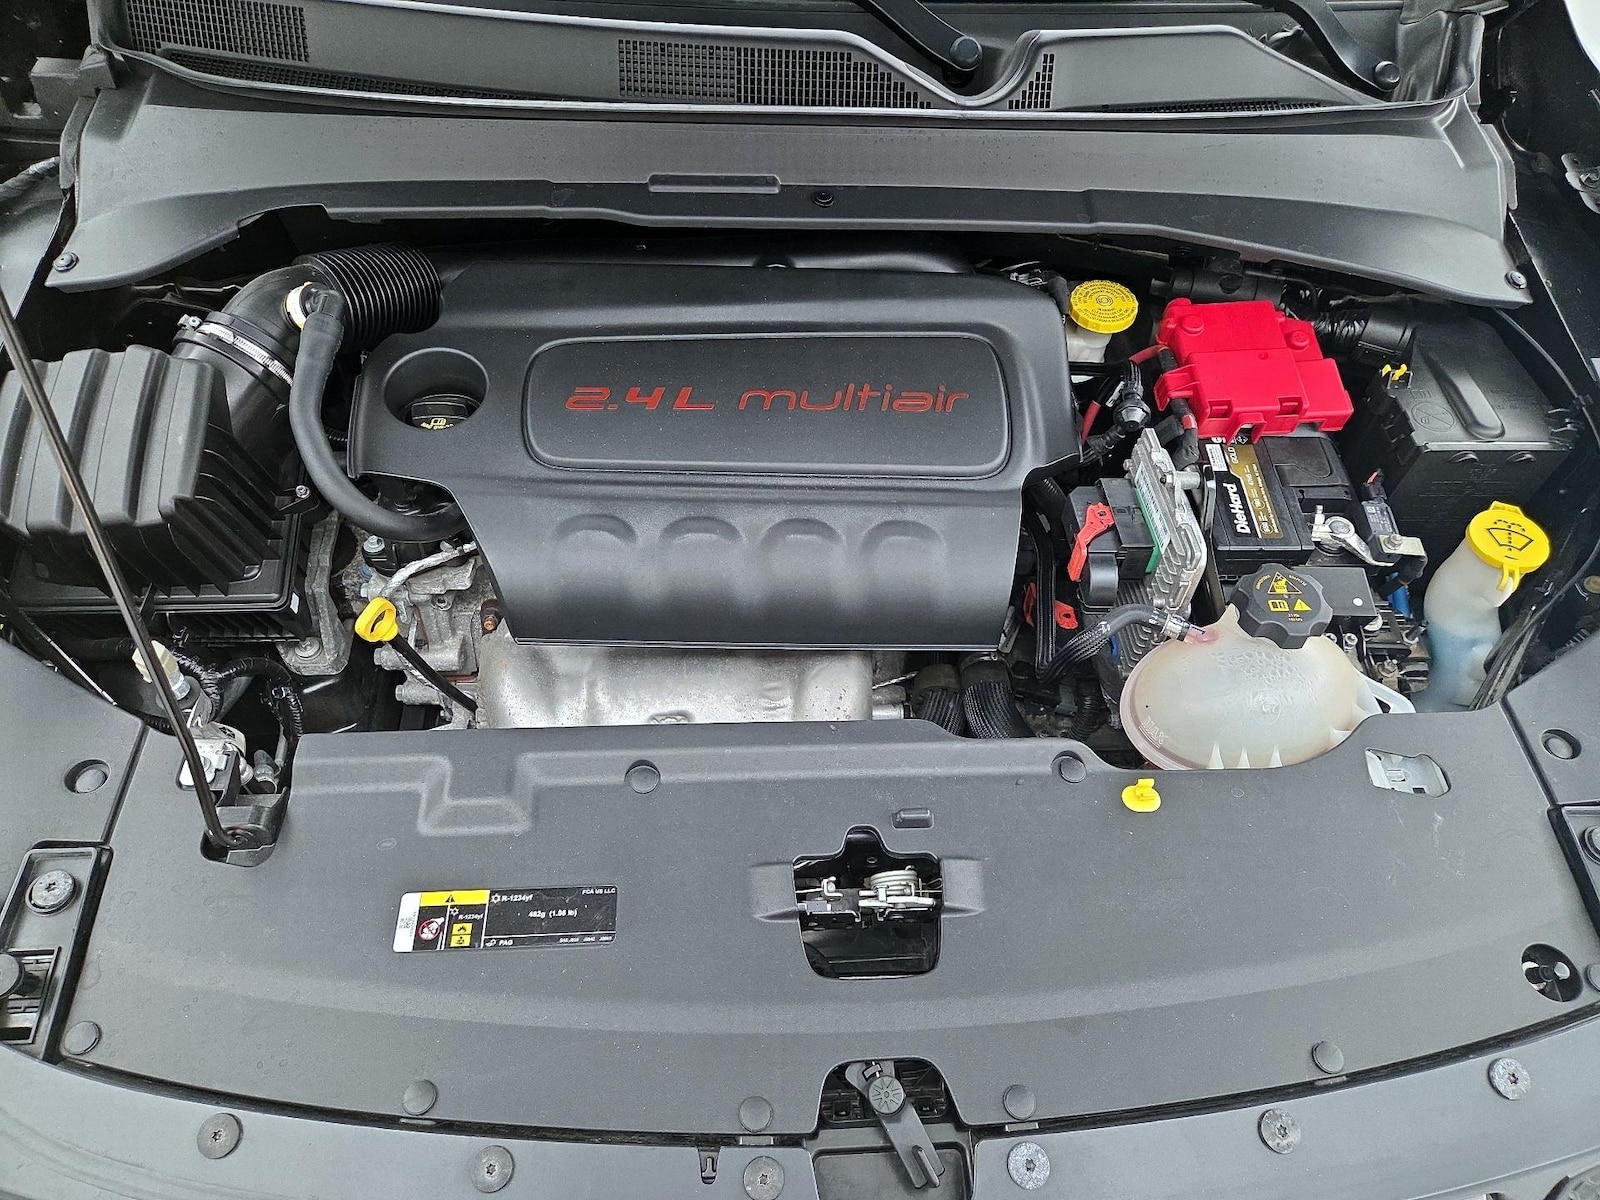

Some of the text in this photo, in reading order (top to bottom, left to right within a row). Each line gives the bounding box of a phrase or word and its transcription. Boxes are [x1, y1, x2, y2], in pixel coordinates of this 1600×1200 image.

[737, 382, 969, 413] multiair
[1227, 446, 1239, 464] GOLD
[1222, 482, 1252, 534] DieHard
[501, 893, 534, 903] R-1234yf
[458, 913, 484, 921] R-1234yf
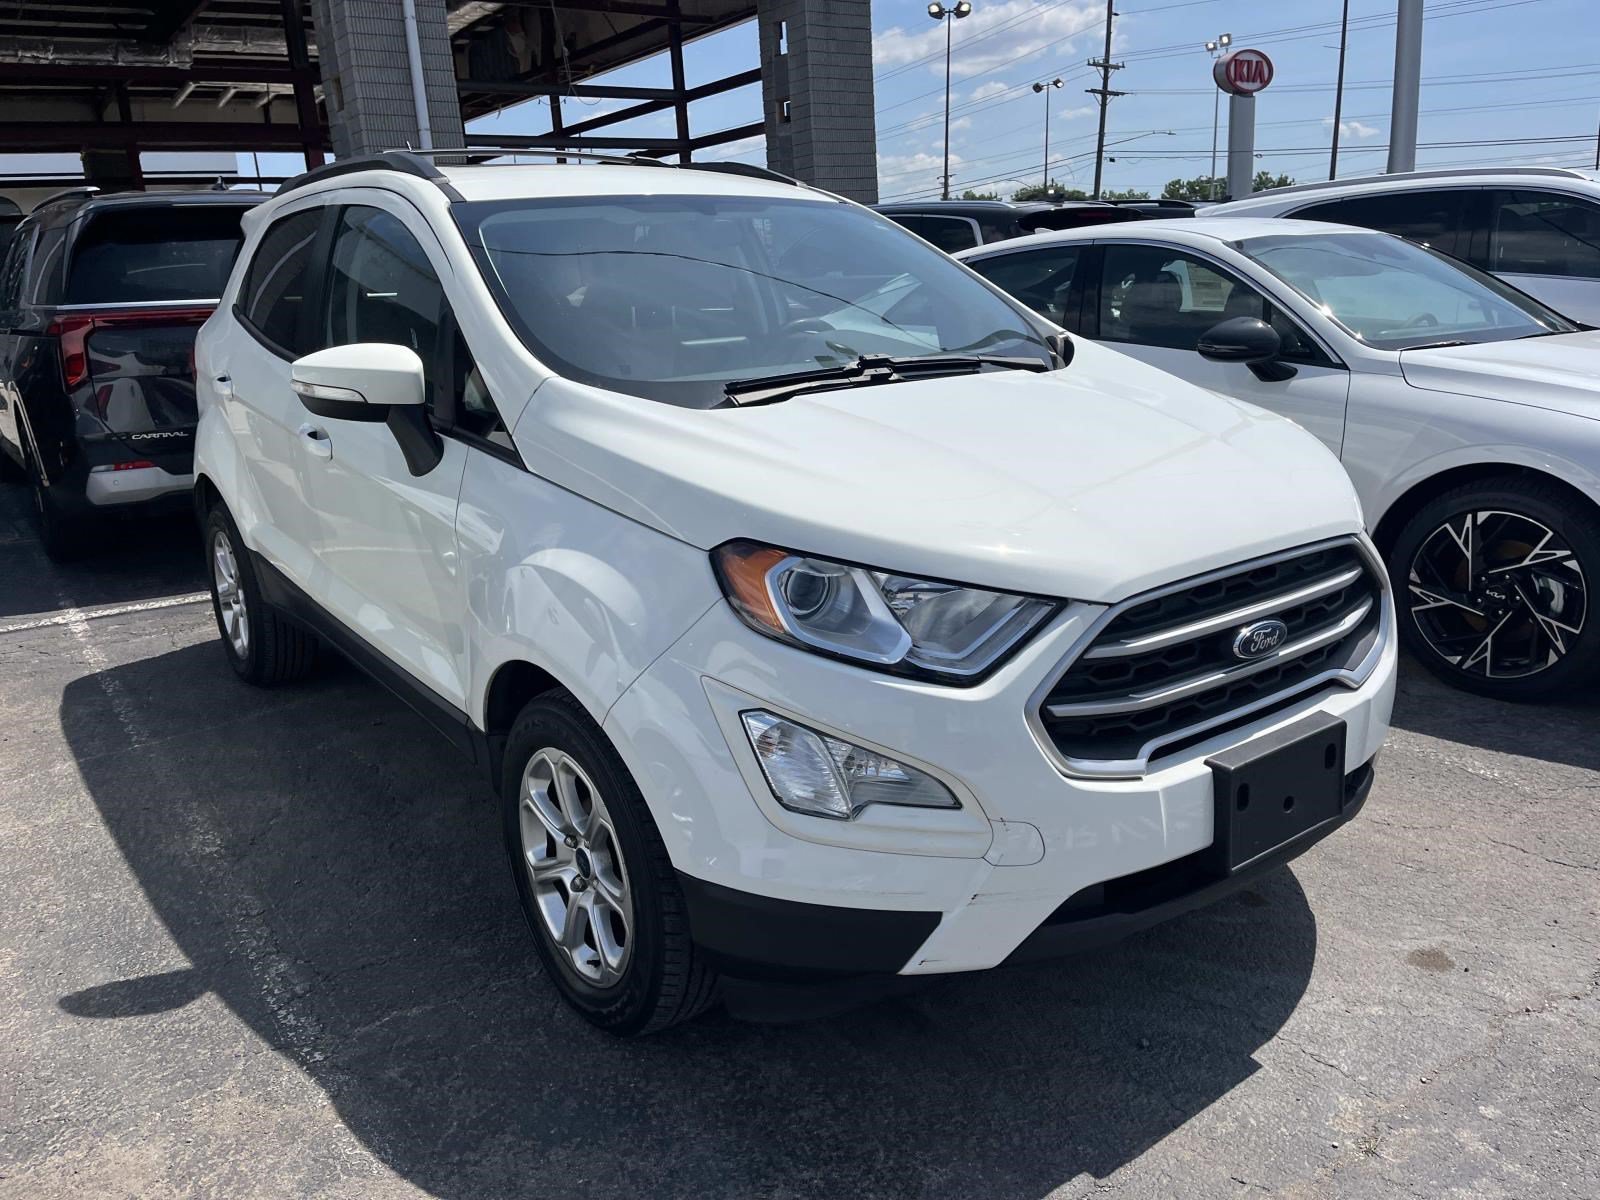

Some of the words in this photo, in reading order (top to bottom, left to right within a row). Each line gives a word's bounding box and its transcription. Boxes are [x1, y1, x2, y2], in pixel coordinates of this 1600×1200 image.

[1234, 59, 1265, 83] KIA
[132, 431, 189, 440] CARNIVAL
[1251, 628, 1279, 652] Ford
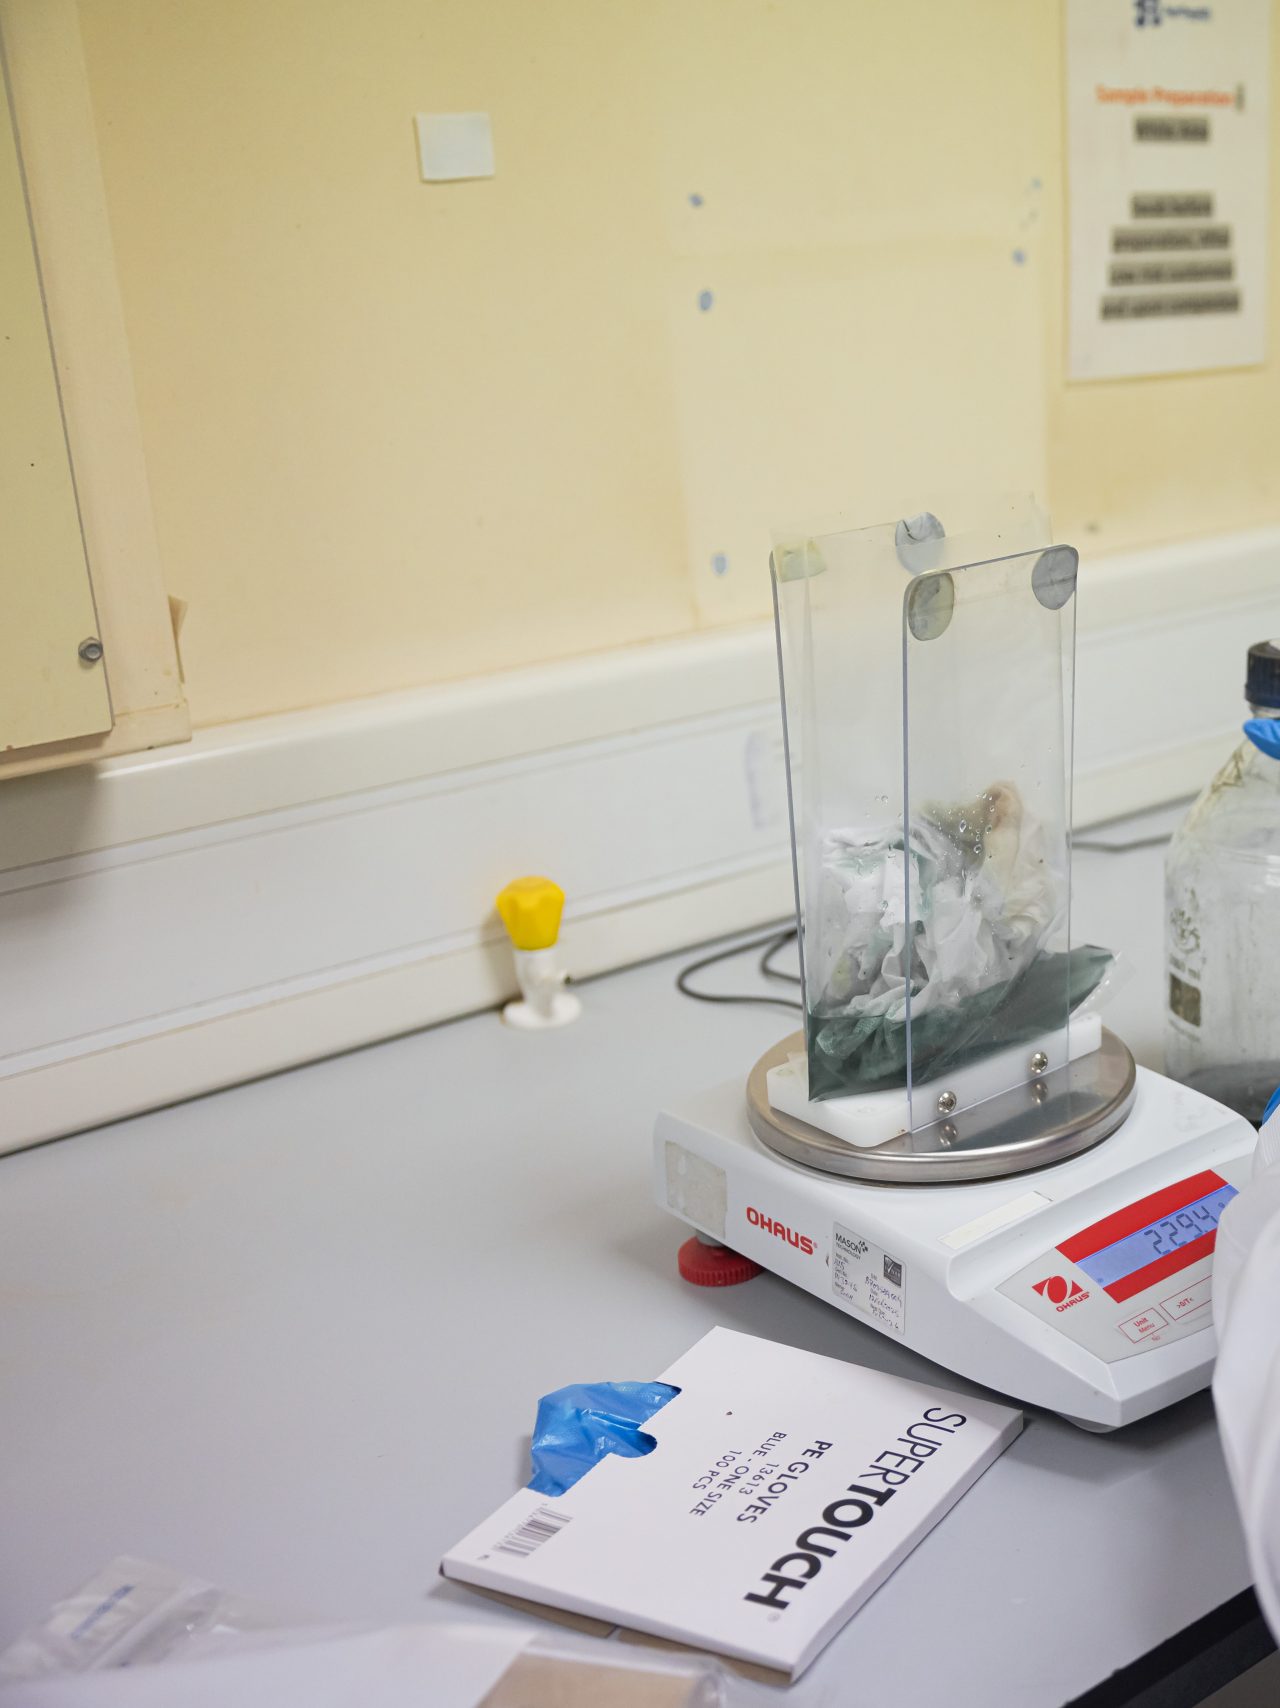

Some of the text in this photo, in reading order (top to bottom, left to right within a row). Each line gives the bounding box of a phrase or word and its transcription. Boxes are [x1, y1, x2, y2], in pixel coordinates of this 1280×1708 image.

[746, 1206, 813, 1255] OHAUS
[835, 1233, 861, 1254] MASON
[1056, 1292, 1089, 1313] OHAUS
[1133, 1317, 1149, 1327] Unit
[752, 1431, 787, 1457] BLUE
[692, 1450, 742, 1490] 100 PCS
[717, 1465, 750, 1490] ONE
[736, 1439, 833, 1524] PE GLOVES
[738, 1463, 780, 1496] 13613
[689, 1491, 723, 1517] SIZE
[743, 1407, 967, 1610] SUPERTOUCH
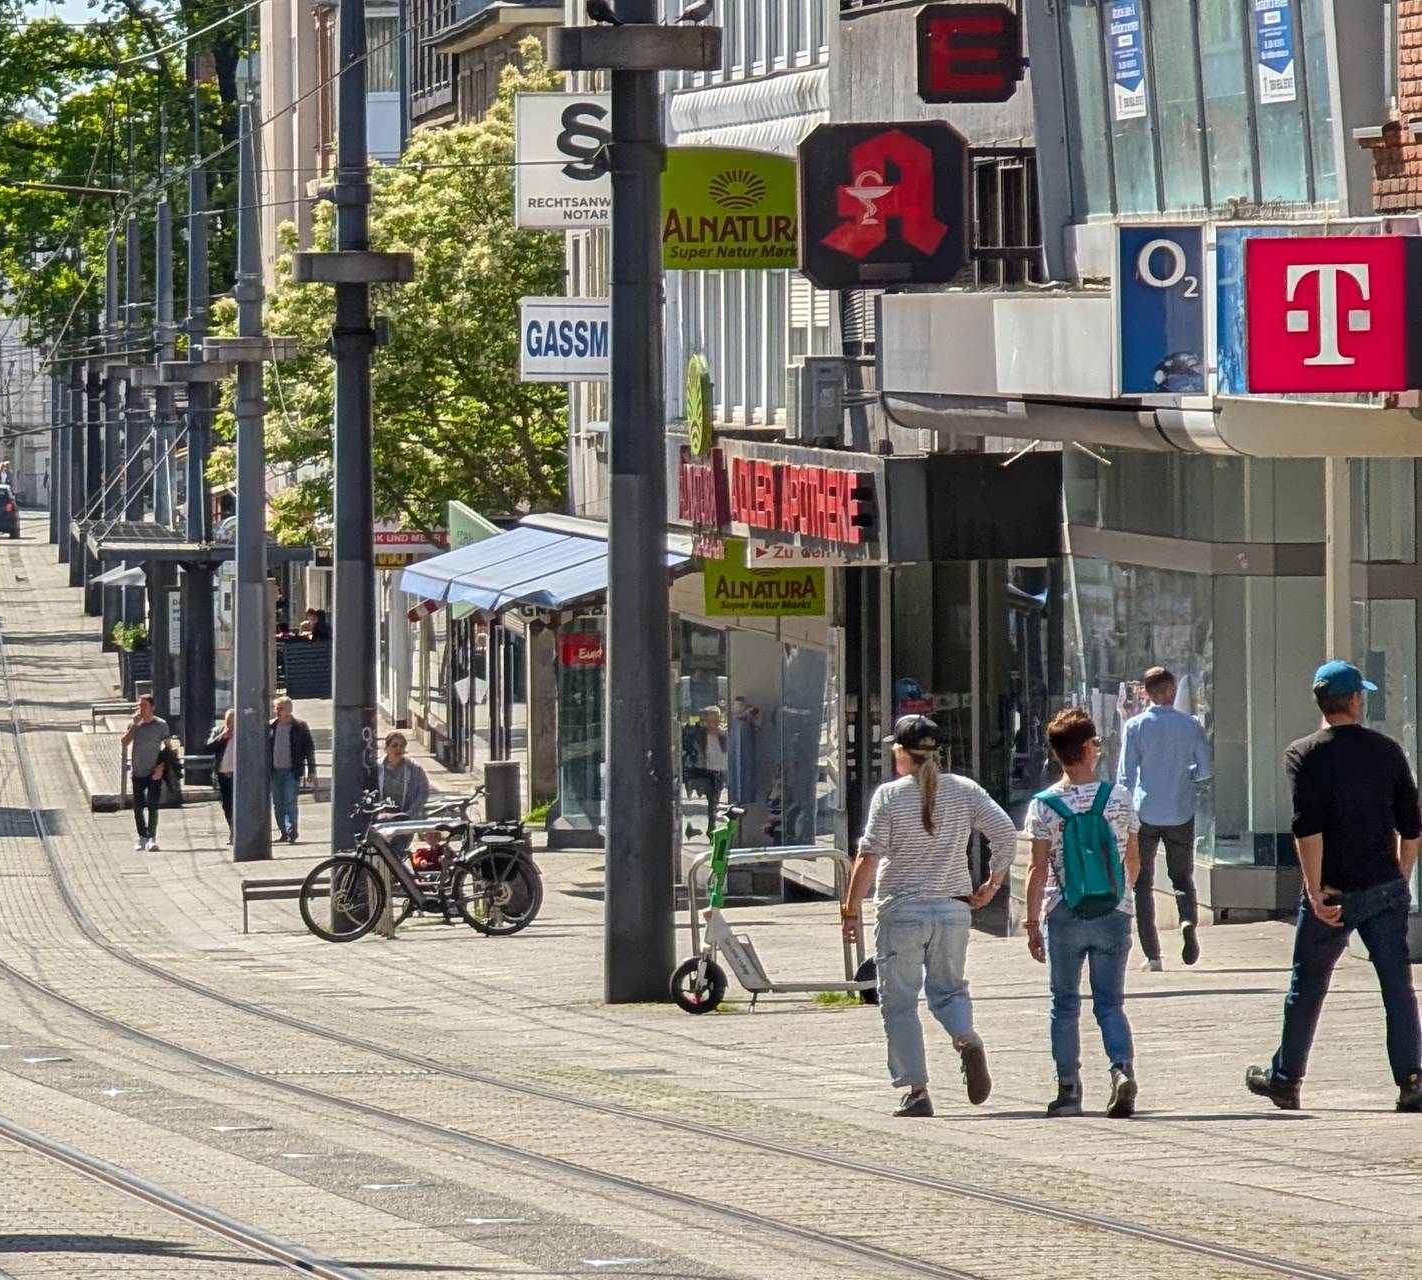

Task instructions:
All of the material must be repeated exactly in the answer, apart from the pictures.

The answer:
Some of the text in this photo, in reading order (top to bottom, left to right within a row). Each line gives the bounding box of a phrase or word and its transcription. Boxes are [x1, y1, x2, y2], in pixel coordinates of this 1600×1200 image.

[737, 382, 969, 413] multiair
[1227, 446, 1239, 464] GOLD
[1222, 482, 1252, 534] DieHard
[501, 893, 534, 903] R-1234yf
[458, 913, 484, 921] R-1234yf

Some of the words in this photo, in reading order (top to bottom, left to right within a row). Each line gives a word's bounding box and its transcription. Boxes are [x1, y1, x2, y2], in pixel coordinates of this 1600×1200 image.

[1234, 59, 1265, 83] KIA
[132, 431, 189, 440] CARNIVAL
[1251, 628, 1279, 652] Ford

Some of the text in this photo, in reading order (top to bottom, left to right within a row). Each line gives the bounding box of a phrase or word and its transcription. Boxes are [x1, y1, x2, y2], in pixel coordinates of this 1280×1708 image.

[746, 1206, 813, 1255] OHAUS
[835, 1233, 861, 1254] MASON
[1056, 1292, 1089, 1313] OHAUS
[1133, 1317, 1149, 1327] Unit
[752, 1431, 787, 1457] BLUE
[692, 1450, 742, 1490] 100 PCS
[717, 1465, 750, 1490] ONE
[736, 1439, 833, 1524] PE GLOVES
[738, 1463, 780, 1496] 13613
[689, 1491, 723, 1517] SIZE
[743, 1407, 967, 1610] SUPERTOUCH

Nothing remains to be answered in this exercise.